風の歌が聞こえますか

僕に聞こえてくる風の歌を綴ります。

クレーの絵を見て

渋谷のBUNKAMURAザ・ミュージアムに「ピカソとクレーの生きた時代」と銘打たれた
展覧会を見に行ってきた。ドイツ・デュッセルドルフのノルトライン=ヴェストファーレン
州立美術館所蔵のK20と呼ばれる20世紀絵画のコレクションを日本に持ってきて展示
したものである。
僕はクレーの絵が好きなので興味を持って出かけた。

出展されていた絵画は全て20世紀のもので、は表現主義(フォビスム)からキュビ
スム、そしてシュルレアリスム絵画が順に展示されており、最後の部屋に数点のカン
ディンスキーと沢山のクレーの絵がある。
ひとつ面白かったのは、展示を順に見ていくことで、表現主義、フォビズムから
キュビスムへの展開、そしてキュビスムからシュルレアリスムへの展開に必然性が
感じられたことだ。
対象物を立体(円筒や四角形)で極端に単純化・象徴化するキュビスムの絵で不足
するリアリティを新聞紙や広告のコラージュで補ったり(ピカソの作品など)する
方向性(つまりあくまで具象から足を離さない方向性)がある一方で、完全に具象
から離れるカンディンスキーのような行き方の萌芽にもなっていることが読み取れる。
他方、全く違うスタンスのシュールレアリスム絵画の萌芽にも繋がっていて、とても
興味深い。
作品は、どれを取っても画家の個性が刻印されているわけだが、一方では他者の作品
に強くインスパイアされ、影響を受けることで、一つの潮流の中に結果的に位置づけ
られることになる。
時系列に並べられた作品群を前にするとこの流れが分かり、とても面白かった。

さて、最後の部屋に集中的に展示されていた27点のパウル・クレーの絵を見て、僕が
しみじみと感じたのは、クレーの絵は「音楽」である、ということだ。
例えばキュビスムの絵の中には非常に色彩・形のコンポジションが非常に緻密かつ
厳密で、バッハの音楽の堅牢さをも連想させるものもあるが、その絵からは音楽は
流れ出さない。それに対しクレーの絵も、緻密に構成的に作られているのは同じなの
に、どこか動きや音楽を感じるのは一体何故だろう?

理由のひとつとして、クレーの線の扱いがあげられるのではないかと思う。
クレーの絵には曲線が多く、一筆書きのような線そのものにベクトルが感じられるもの
が多く見られる。
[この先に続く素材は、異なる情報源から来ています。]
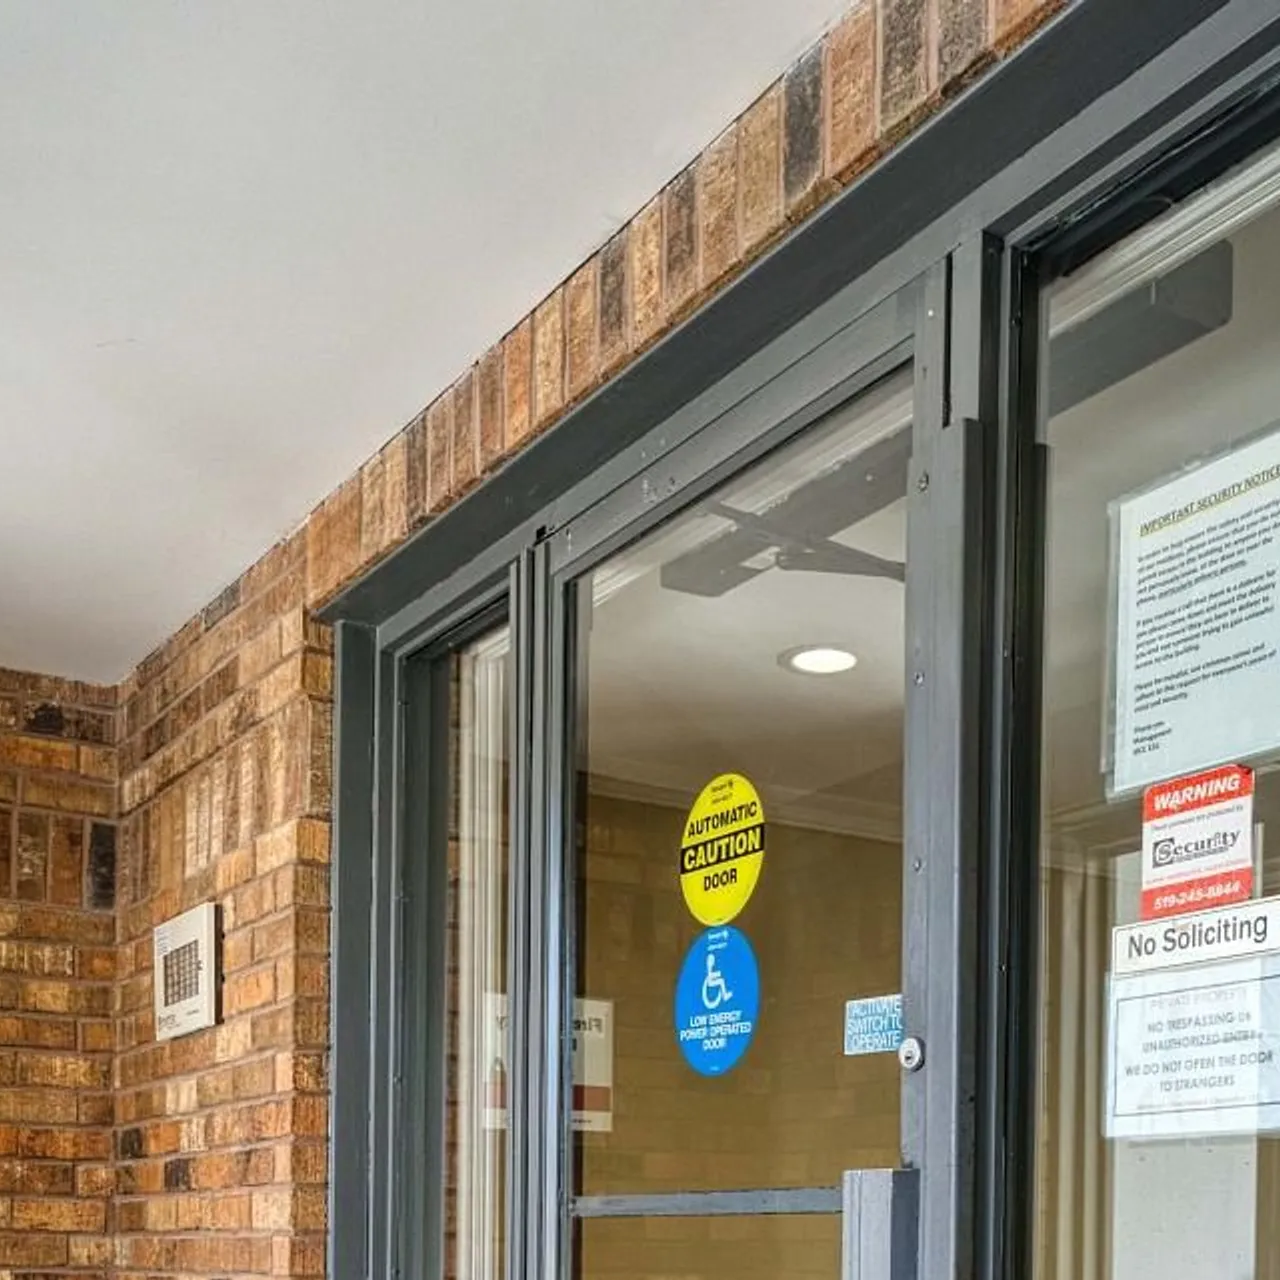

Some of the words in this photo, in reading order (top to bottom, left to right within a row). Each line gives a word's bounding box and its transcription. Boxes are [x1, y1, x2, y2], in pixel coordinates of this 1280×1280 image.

[1139, 502, 1195, 537] IMPORTANT
[1197, 483, 1243, 511] SECURITY
[1153, 773, 1240, 811] WARNING
[688, 801, 757, 838] AUTOMATIC
[684, 827, 761, 870] CAUTION
[1153, 830, 1241, 868] Security
[703, 868, 737, 891] DOOR
[1128, 935, 1156, 958] No
[1162, 915, 1268, 953] Soliciting
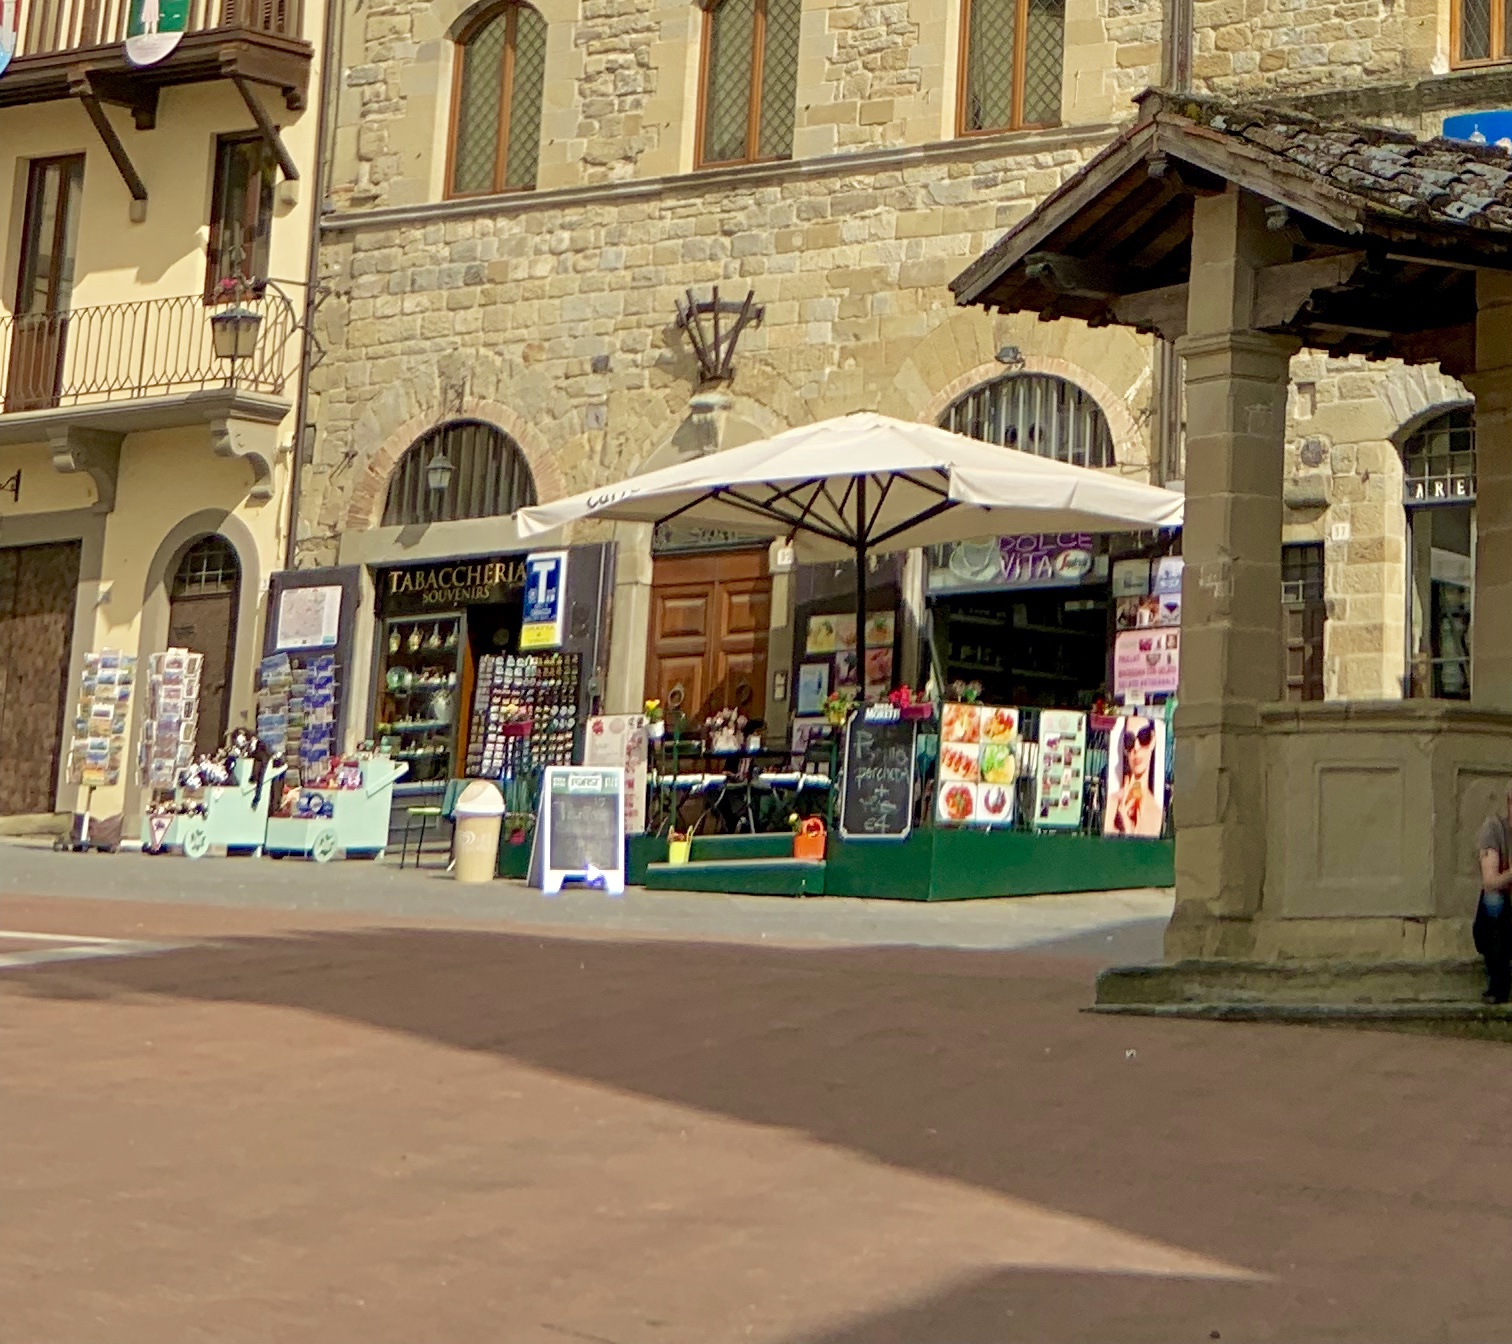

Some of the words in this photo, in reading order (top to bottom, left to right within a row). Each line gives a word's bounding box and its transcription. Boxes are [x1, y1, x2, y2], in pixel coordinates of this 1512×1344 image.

それが動きを生み出し、動きが時間を、そして音楽を感じさせる働き
を持っているのではないか?
そしてクレーの絵に底流するユーモアと緻密さ。
僕は絵を見るうちに、新ウィーン楽派の作曲家の作品を想起していた。
どこかユーモラスな「リズミカルな森のラクダ」はウェーベルンの変奏曲作品27を
思い出させるし、緻密で堅牢な「雷雨の後の庭」はシェーンベルクの精緻な作品の
いくつかを想起させる。
新ウィーン楽派の作曲家たちも、現実や感情と密接に関わる「調性」を手放すこと
で新しい表現の領域に踏み込んで行ったが、クレーも現実や具象と関わるものを
手放すことで新しい絵画の領域に踏み込んで行った。
この辺も共通項が感じられとても興味深い。

さて、クレーの絵を離れてもう一つ面白かったのは、自分がシュルレアリスム絵画に
ひどく心惹かれる、という事実だった。僕は左脳論理思考型人間なのだがシュルレア
リスム絵画の右脳直感で描かれた超現実的な世界を見ていると、とても心地よく好ま
しく感じられる。
いったい何が原因なのだろう?
これについては現在の所、解釈が思いつかない。

最後に苦言を一言。
今回、音声ガイド機を借りたのだが、この解説が冗長かつ内容空疎でがっかりした。
(実際のところ、解説を二つ三つ聞いて失望したので以後聞くのをやめた。)
音声ガイドは絵を見る時のささやかなヘルプをしてくれれば良いので、興味深い
エピソードを語ってくれる必要はない。控えめにかつこちらの集中力を切らせない
ような声質と内容にしていただくように強く希望したい。